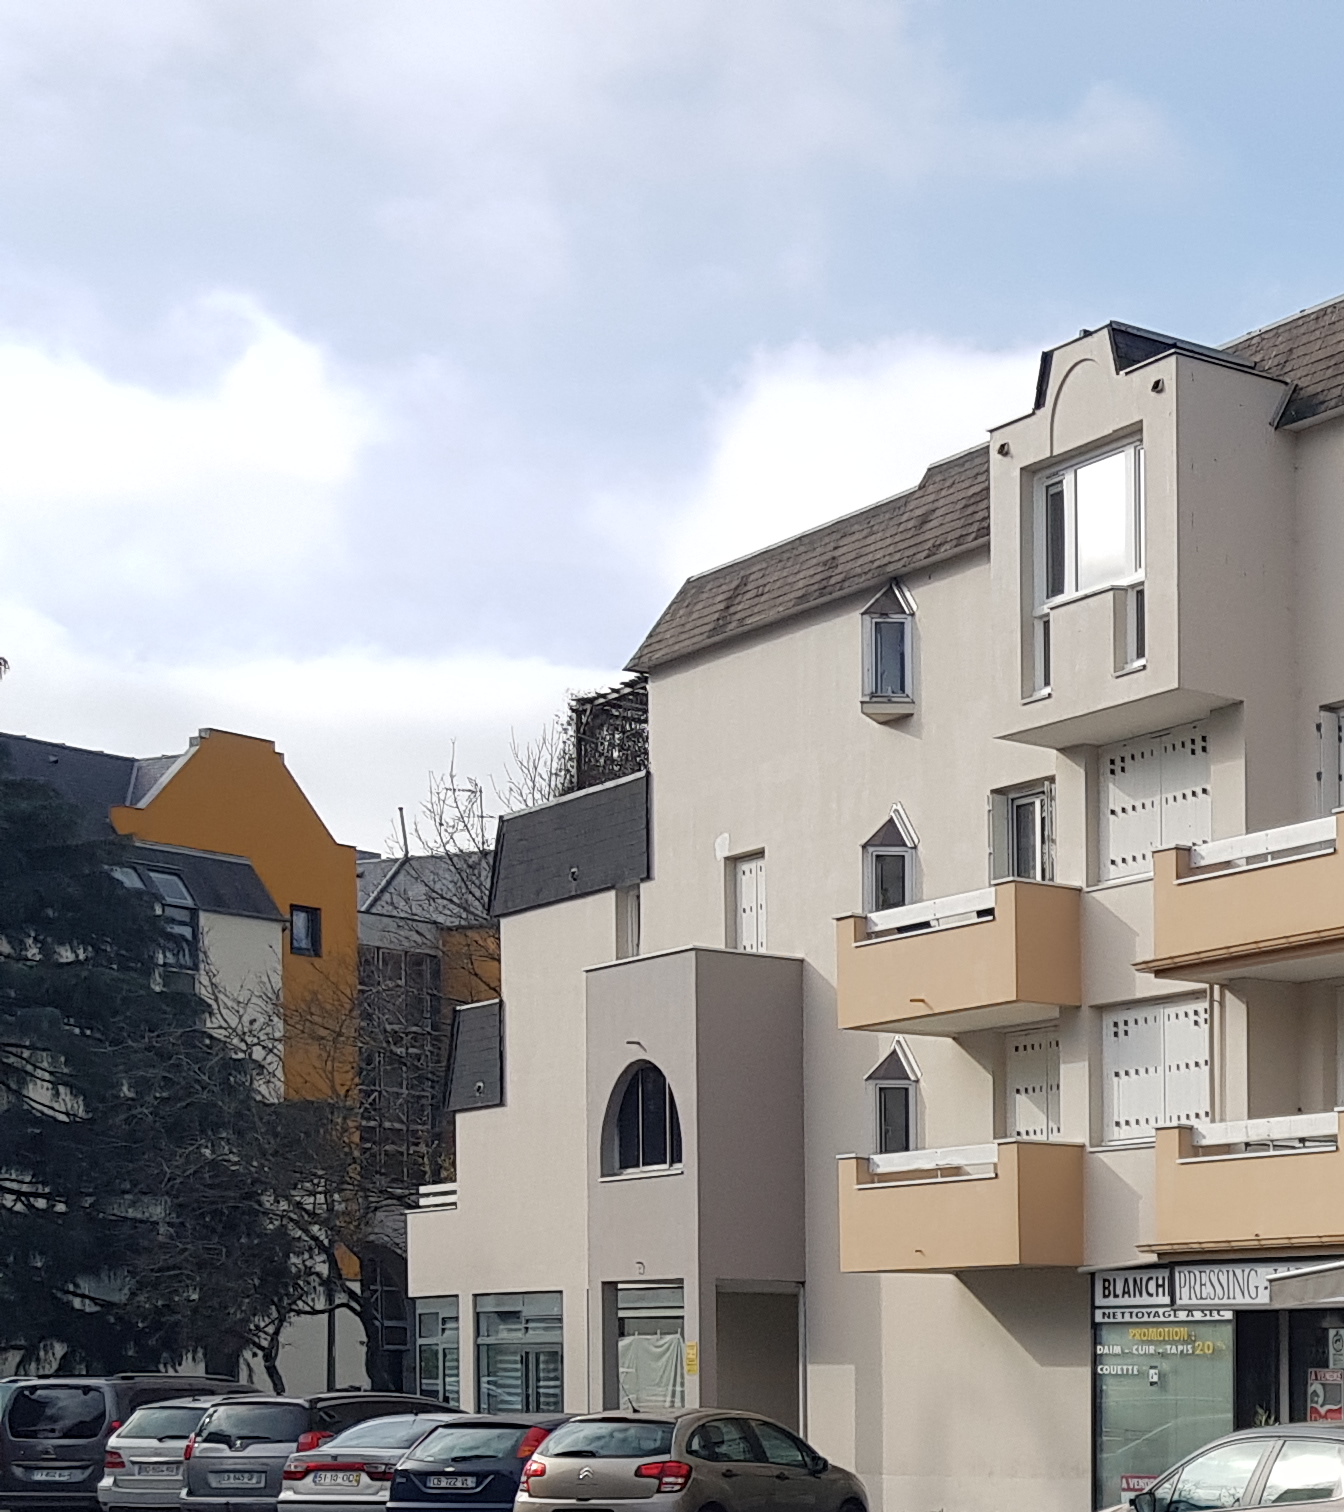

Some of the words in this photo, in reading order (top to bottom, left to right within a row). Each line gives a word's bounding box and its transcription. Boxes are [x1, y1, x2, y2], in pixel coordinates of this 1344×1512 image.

[1178, 1268, 1260, 1301] PRESSING
[1102, 1310, 1180, 1320] NETTOYAGE
[1186, 1310, 1196, 1318] A
[1200, 1310, 1226, 1318] SEC
[1128, 1327, 1188, 1341] PROMOTION
[1096, 1344, 1122, 1355] DAIM
[1132, 1344, 1155, 1355] CUIR
[1166, 1344, 1193, 1355] TAPIS
[1097, 1364, 1139, 1375] COUETTE
[1121, 1478, 1128, 1489] A
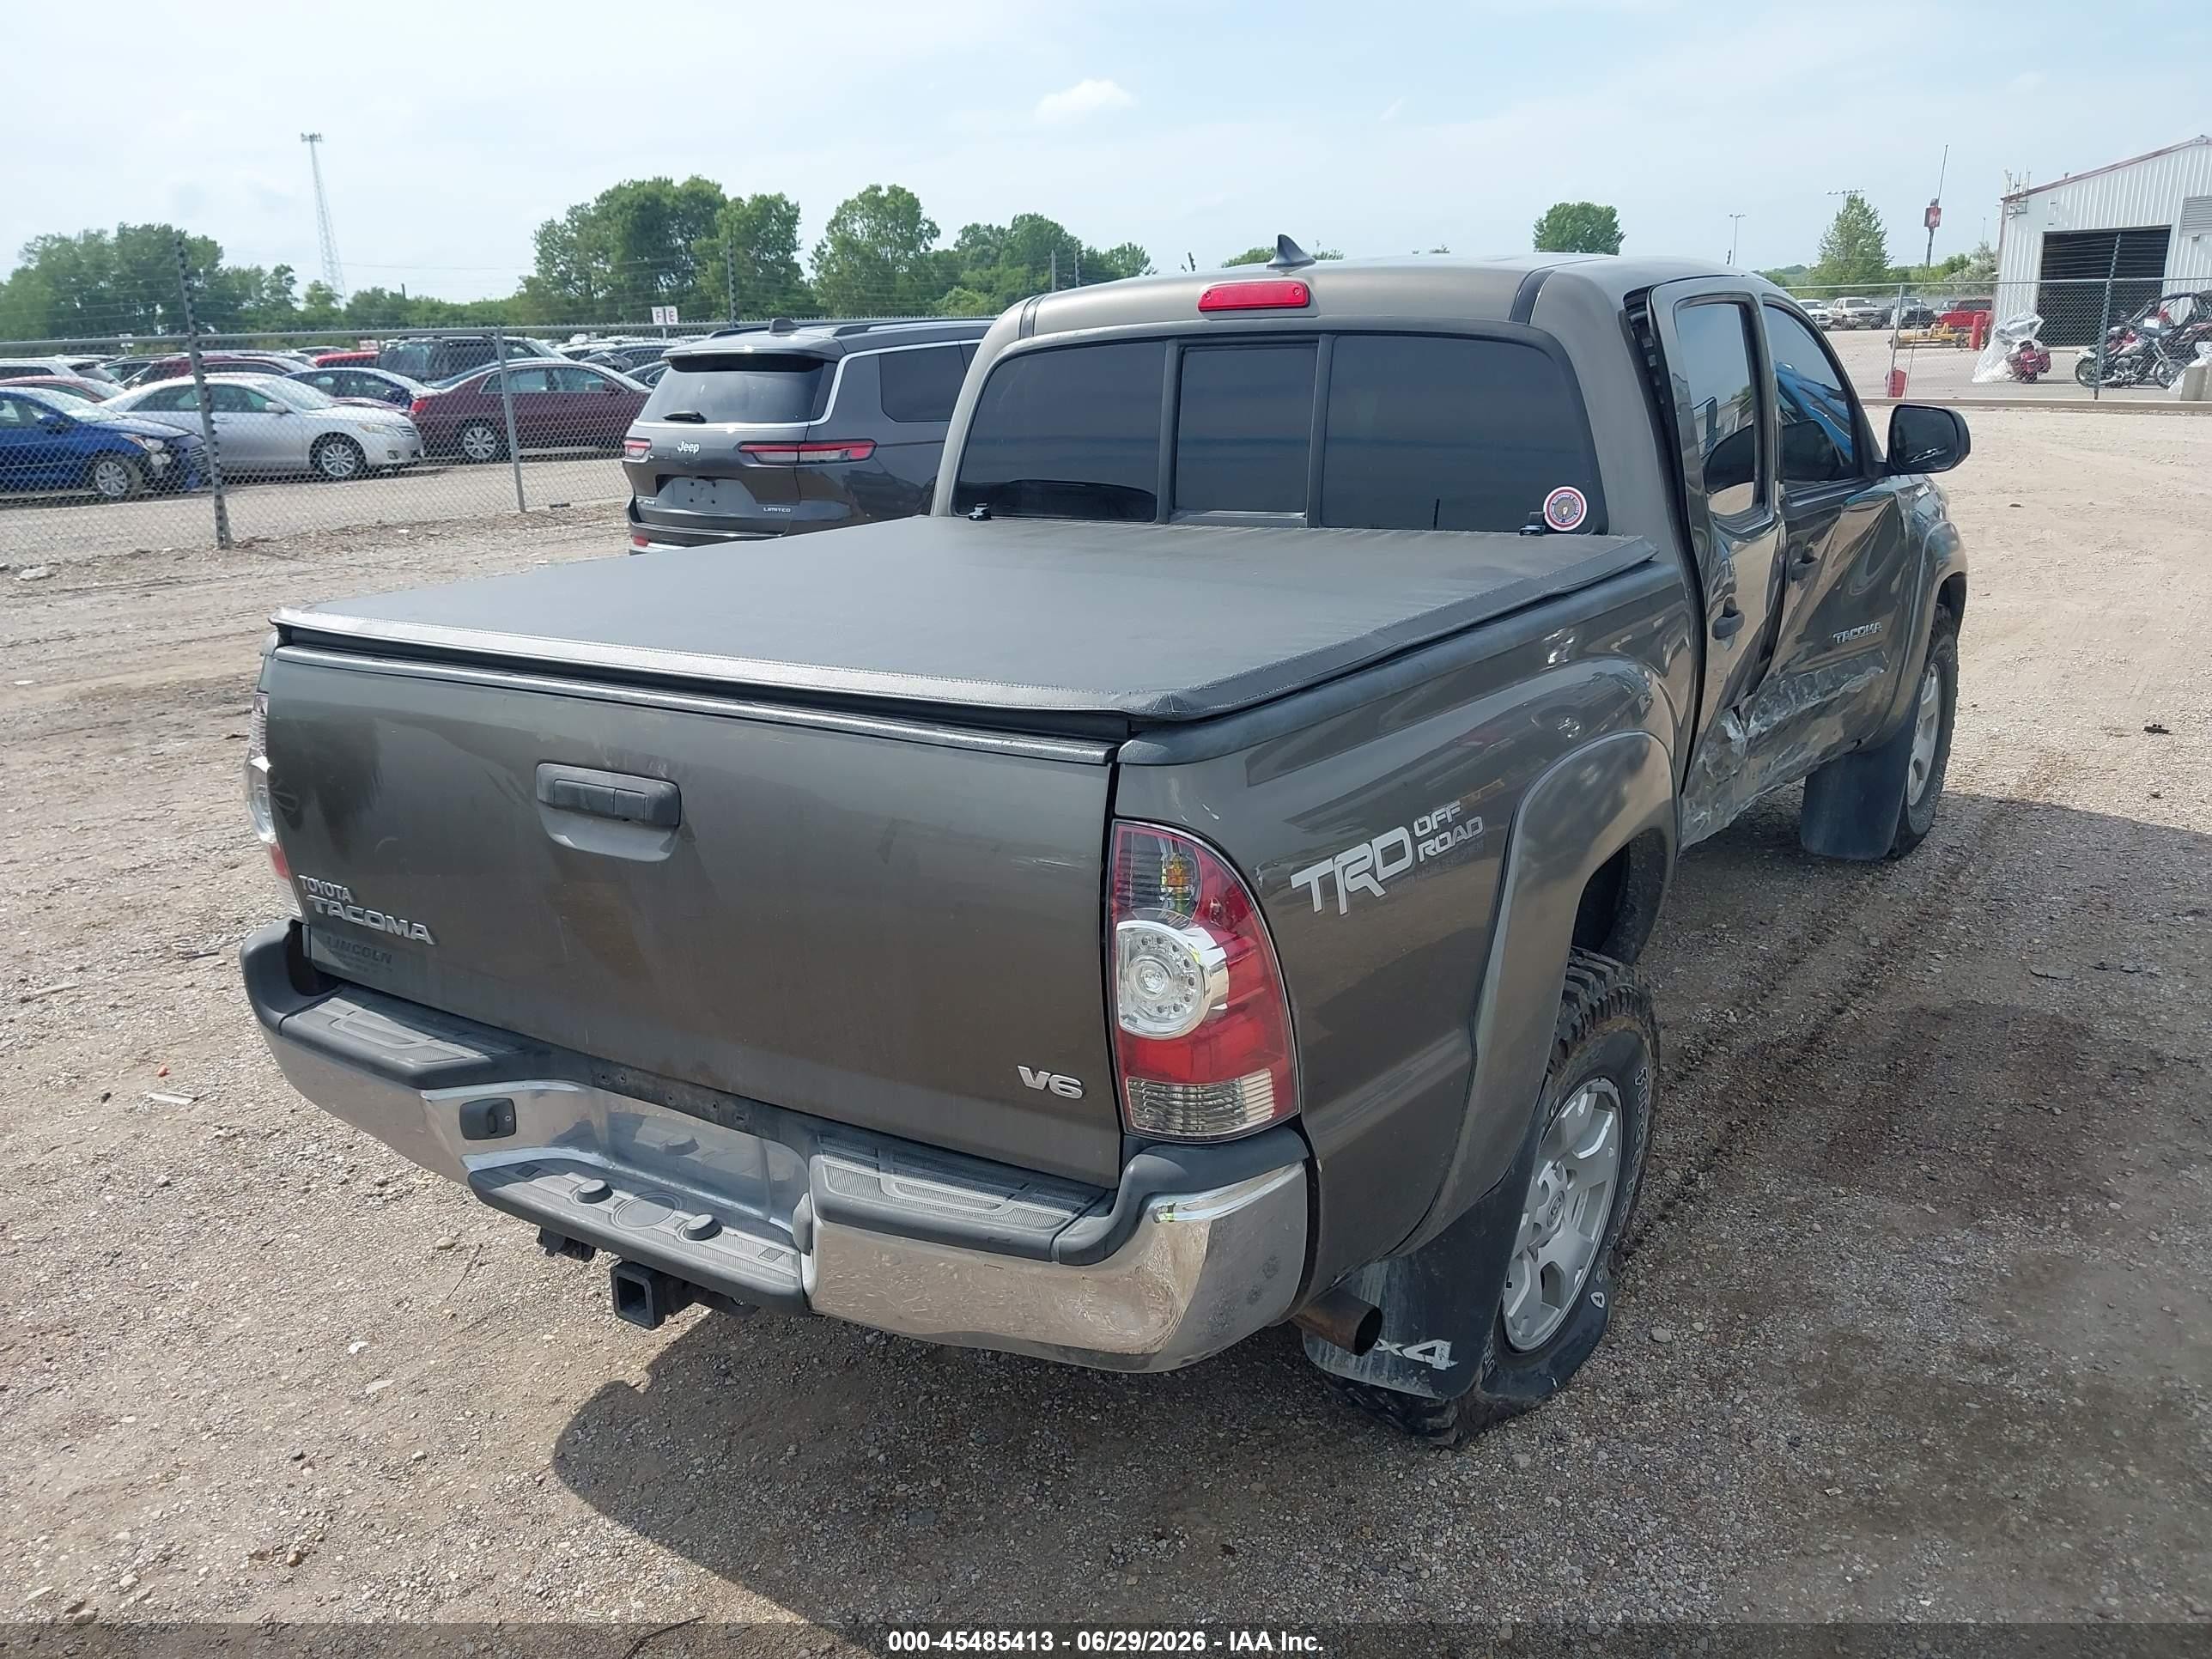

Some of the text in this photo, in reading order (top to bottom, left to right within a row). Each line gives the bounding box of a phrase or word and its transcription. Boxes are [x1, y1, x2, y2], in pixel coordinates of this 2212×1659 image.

## [Task brief]
Only the pictures are to be left out; restate everything else in the listing word for word.

## [Answer]
Some of the words in this photo, in reading order (top to bottom, left to right within a row). Each line gives a word's bounding box and its transcription. Boxes are [x1, y1, x2, y2], in pixel coordinates of this 1344×1512 image.

[1178, 1268, 1260, 1301] PRESSING
[1102, 1310, 1180, 1320] NETTOYAGE
[1186, 1310, 1196, 1318] A
[1200, 1310, 1226, 1318] SEC
[1128, 1327, 1188, 1341] PROMOTION
[1096, 1344, 1122, 1355] DAIM
[1132, 1344, 1155, 1355] CUIR
[1166, 1344, 1193, 1355] TAPIS
[1097, 1364, 1139, 1375] COUETTE
[1121, 1478, 1128, 1489] A

Some of the text in this photo, in reading order (top to bottom, left to right within a row). Each line gives the bounding box of a phrase or word and its transcription. Boxes are [x1, y1, x2, y2], in pixel coordinates of this 2212×1659 image.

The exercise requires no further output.